27/12/15

Edna O’Brien, THE LITTLE RED CHAIRS



Londra, Faber and Faber, 2015

Nella cittadina irlandese, immaginaria, di Cloonoila, Fidelma, tenutaria di una boutique, sposata con Jack, più anziano di lei e benestante, fa parte di una comunità coesa e semplice, che ha resistito al tempo della modernizzazione, si direbbe, nonostante qualche menzione di cellulari e di lavoratori extracomunitari attualizzanti. La società di lettura si riunisce per leggere classici quali l’Iliade, anziché bestseller, come oggi invece di moda in simili gruppi in Irlanda. I rituali e le routine sono quelle della campagna di decenni fa, non senza esagerazione da parte dell’autrice, dato che anche la provincia, non solo Dublino, ha al contrario subito chiari processi di cambiamento in senso postmoderno dagli anni Novanta in poi. In breve, la rappresentazione di Cloonoila e dell’ideologia tradizionalista dei suoi abitanti pare più una ripresa delle tematiche dell’Irlanda di una volta, proprie anche di storie precedenti dell’autrice, che una visione corrispondente all’attuale livello di sviluppo.

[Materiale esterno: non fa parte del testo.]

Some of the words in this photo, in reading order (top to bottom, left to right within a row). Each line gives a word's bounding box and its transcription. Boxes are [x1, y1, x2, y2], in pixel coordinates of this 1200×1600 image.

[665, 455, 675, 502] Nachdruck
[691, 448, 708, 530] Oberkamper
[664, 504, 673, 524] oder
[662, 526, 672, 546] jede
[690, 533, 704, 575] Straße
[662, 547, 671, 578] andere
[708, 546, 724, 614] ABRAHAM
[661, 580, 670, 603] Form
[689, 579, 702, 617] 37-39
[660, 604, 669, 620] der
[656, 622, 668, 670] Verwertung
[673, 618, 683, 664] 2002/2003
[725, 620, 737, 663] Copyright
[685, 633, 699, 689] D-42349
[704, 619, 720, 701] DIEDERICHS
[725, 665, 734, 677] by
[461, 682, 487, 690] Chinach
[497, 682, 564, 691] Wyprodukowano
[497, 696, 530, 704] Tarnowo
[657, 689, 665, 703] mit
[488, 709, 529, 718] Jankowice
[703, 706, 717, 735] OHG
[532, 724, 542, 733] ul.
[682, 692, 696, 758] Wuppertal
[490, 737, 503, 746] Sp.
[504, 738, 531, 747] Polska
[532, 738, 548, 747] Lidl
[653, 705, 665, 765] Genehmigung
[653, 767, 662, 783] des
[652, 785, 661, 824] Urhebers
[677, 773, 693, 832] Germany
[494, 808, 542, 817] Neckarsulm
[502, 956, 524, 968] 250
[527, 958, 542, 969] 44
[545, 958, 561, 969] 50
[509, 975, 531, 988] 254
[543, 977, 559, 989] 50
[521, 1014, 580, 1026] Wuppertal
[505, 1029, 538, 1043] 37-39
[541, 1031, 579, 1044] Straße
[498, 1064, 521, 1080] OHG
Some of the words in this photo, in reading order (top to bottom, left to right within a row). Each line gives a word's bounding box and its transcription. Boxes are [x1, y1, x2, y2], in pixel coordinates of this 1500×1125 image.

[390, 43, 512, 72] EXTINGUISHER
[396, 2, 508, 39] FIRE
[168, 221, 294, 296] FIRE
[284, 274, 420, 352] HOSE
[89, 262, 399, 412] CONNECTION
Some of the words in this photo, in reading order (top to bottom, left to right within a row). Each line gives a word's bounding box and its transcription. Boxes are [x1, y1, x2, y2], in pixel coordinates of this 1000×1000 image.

Nel prosieguo dell’intreccio, arriva in paese uno straniero, proveniente, dice, dal Montenegro. Si presenta col nome di Vlad, come psicologo guaritore di problematiche sessuali e coi tratti di una specie di guru New Age. Riesce a conquistarsi le simpatie degli abitanti, intraprende una storia sentimentale con Fidelma, che scopre troppo tardi la sua vera identità di criminale di guerra, serbo di Bosnia, Presidente e comandante, responsabile di delitti contro l’umanità. La figura storicamente adombrata in questo personaggio fittizio è quella di Radovan Karadžić, che al momento dell’arresto nel 2008 era sotto le false spoglie di uno psicologo e fautore di medicina alternativa.

Vittima dei propri sentimenti, pur se ignara della reale identità dell’amante al momento di innamorarsene, Fidelma viene aggredita con un atto di inaudita violenza, che la priva del figlio che ha scoperto di avere in grembo, dagli ex sostenitori di Vlad, ora suoi nemici, che lo avevano braccato fino al remoto villaggio irlandese e si vendicano su di lei. Vlad viene frattanto arrestato e condotto al Tribunale internazionale dell’Aia. Per vergogna, odio, timore della comunità, alienazione dal marito, Fidelma si rifugia in un convento, e da qui muove sola verso Londra.

La seconda parte del romanzo, in cui, sul piano della rappresentazione sociale, O’Brien pare adottare una strategia più realistica che in quella della raffigurazione delle società irlandese, vede, oltre all’introspezione di Fidelma, le sue esperienze tra una comunità di diseredati in cerca, come lei, di un lavoro: tutti, meno la protagonista, extracomunitari o comunque stranieri, con storie difficili e tragiche.

Il romanzo si conclude con il processo dell’Aia, ove Fidelma si reca e riesce a ottenere un incontro con Vlad, in cui gli esprime il suo orrore per la disumanità, ma, antidostoyevskianamente, senza smuoverne la coscienza. Torna al paese dopo che il marito, superata la difficoltà di accettare quanto è accaduto, le paga gli alimenti e la convoca, ma è in punto di morte. Al ritorno a Londra, Fidelma trova una collocazione più congeniale tra i migranti.

È un romanzo denso stilisticamente, scritto in un inglese letterario e al contempo ampiamente accessibile al grande pubblico. È un romanzo decisamente impegnato sul versante della coscienza e del ruolo femminile, della guerra e dell’integrazione, mancata, dei migranti. Il titolo si riferisce a un particolare della commemorazione dell’assedio di Sarajevo: “11,541 empty red chairs were arranged in 825 rows […]. This red ‘audience’ […] symbolized 11,541 victims of the war”.  In unintervista al Telegraph (24-10-2015), O’Brien dichiara: “I felt that I should try and write something that touched, however peripherally, on the horror that is our world today”.